_What is being asked:_ Return every record verbatim.

_Provided entries:_

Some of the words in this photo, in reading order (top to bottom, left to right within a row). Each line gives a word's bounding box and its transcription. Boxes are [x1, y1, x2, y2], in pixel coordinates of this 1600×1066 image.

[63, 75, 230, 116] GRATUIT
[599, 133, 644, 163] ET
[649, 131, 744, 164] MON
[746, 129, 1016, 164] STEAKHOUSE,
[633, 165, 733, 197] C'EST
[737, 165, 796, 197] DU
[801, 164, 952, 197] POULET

_Answer:_
Some of the words in this photo, in reading order (top to bottom, left to right within a row). Each line gives a word's bounding box and its transcription. Boxes are [x1, y1, x2, y2], in pixel coordinates of this 1600×1066 image.

[63, 75, 230, 116] GRATUIT
[599, 133, 644, 163] ET
[649, 131, 744, 164] MON
[746, 129, 1016, 164] STEAKHOUSE,
[633, 165, 733, 197] C'EST
[737, 165, 796, 197] DU
[801, 164, 952, 197] POULET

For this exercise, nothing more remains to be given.